Saved data entries
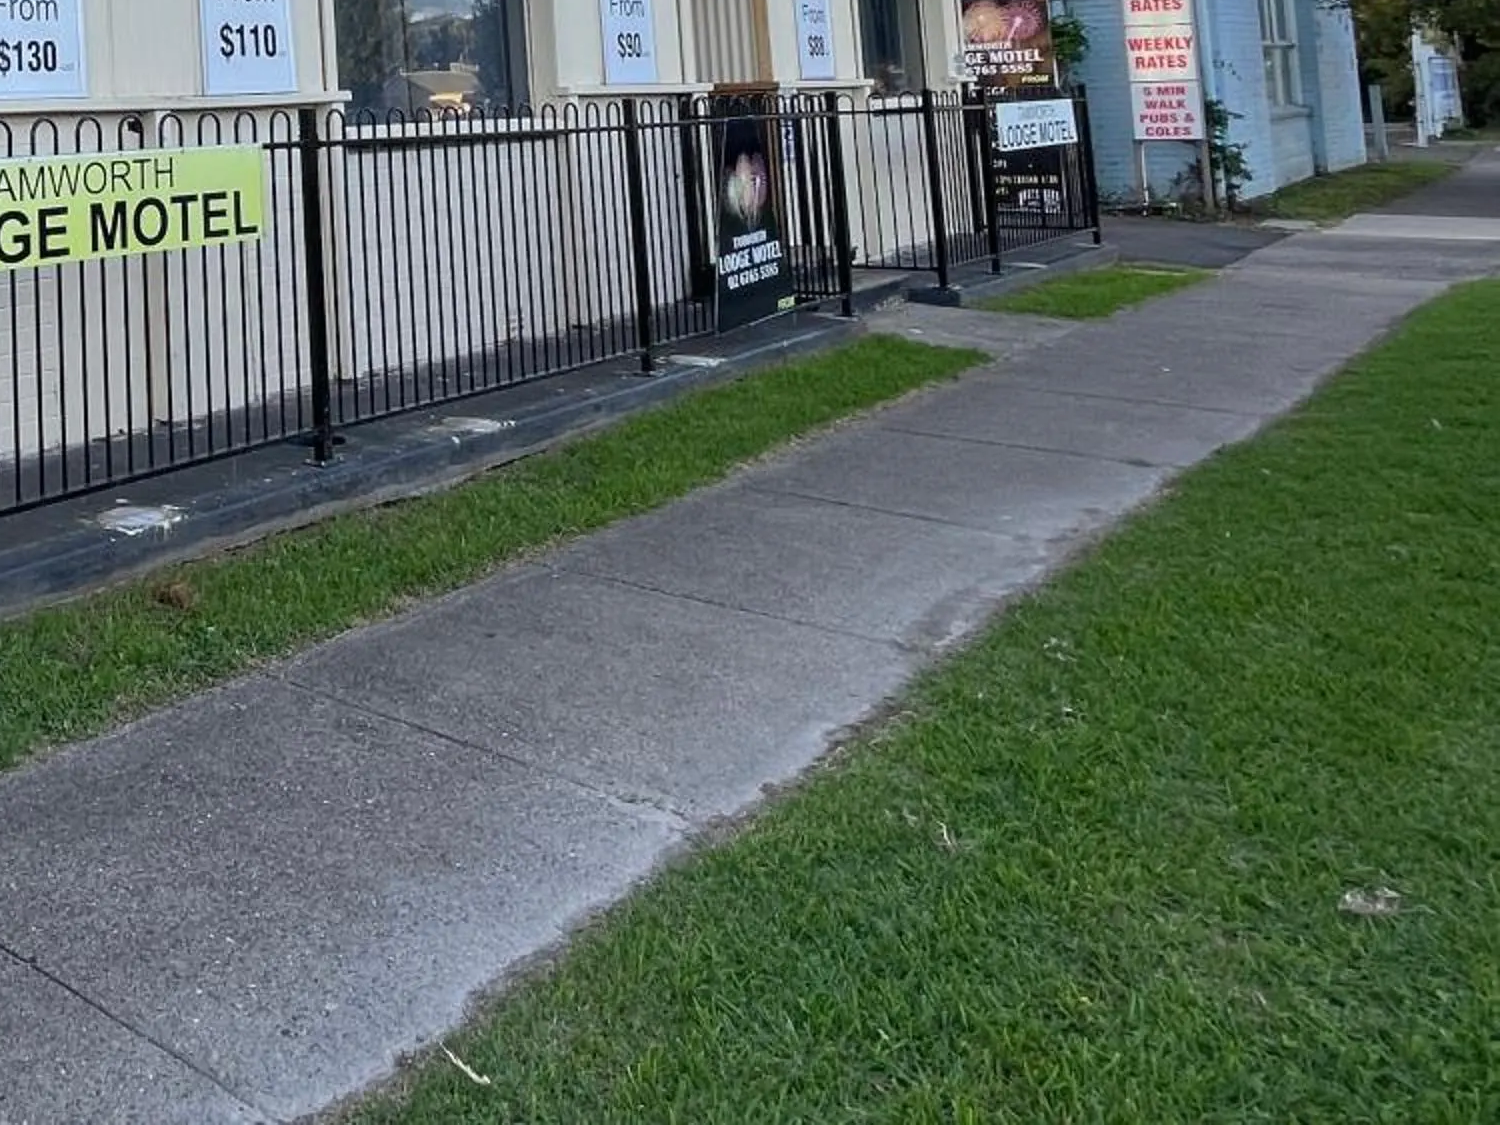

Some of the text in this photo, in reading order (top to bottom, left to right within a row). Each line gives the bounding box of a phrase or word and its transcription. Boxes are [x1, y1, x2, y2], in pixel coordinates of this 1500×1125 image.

[220, 23, 277, 63] $110
[617, 32, 642, 63] $90
[1127, 35, 1193, 52] WEEKLY
[989, 49, 1044, 64] MOTEL
[1135, 54, 1187, 70] RATES
[1156, 86, 1186, 96] MIN
[1144, 99, 1187, 110] WALK
[1140, 113, 1179, 124] PUBS
[1000, 120, 1075, 148] LODGE MOTEL
[1145, 126, 1192, 138] COLES
[90, 190, 258, 252] MOTEL

## Required work
Please print all the data above word for word. Pictures should not appear in the copy.

## Exercise response
Some of the text in this photo, in reading order (top to bottom, left to right within a row). Each line gives the bounding box of a phrase or word and its transcription. Boxes are [x1, y1, x2, y2], in pixel coordinates of this 1500×1125 image.

[220, 23, 277, 63] $110
[617, 32, 642, 63] $90
[1127, 35, 1193, 52] WEEKLY
[989, 49, 1044, 64] MOTEL
[1135, 54, 1187, 70] RATES
[1156, 86, 1186, 96] MIN
[1144, 99, 1187, 110] WALK
[1140, 113, 1179, 124] PUBS
[1000, 120, 1075, 148] LODGE MOTEL
[1145, 126, 1192, 138] COLES
[90, 190, 258, 252] MOTEL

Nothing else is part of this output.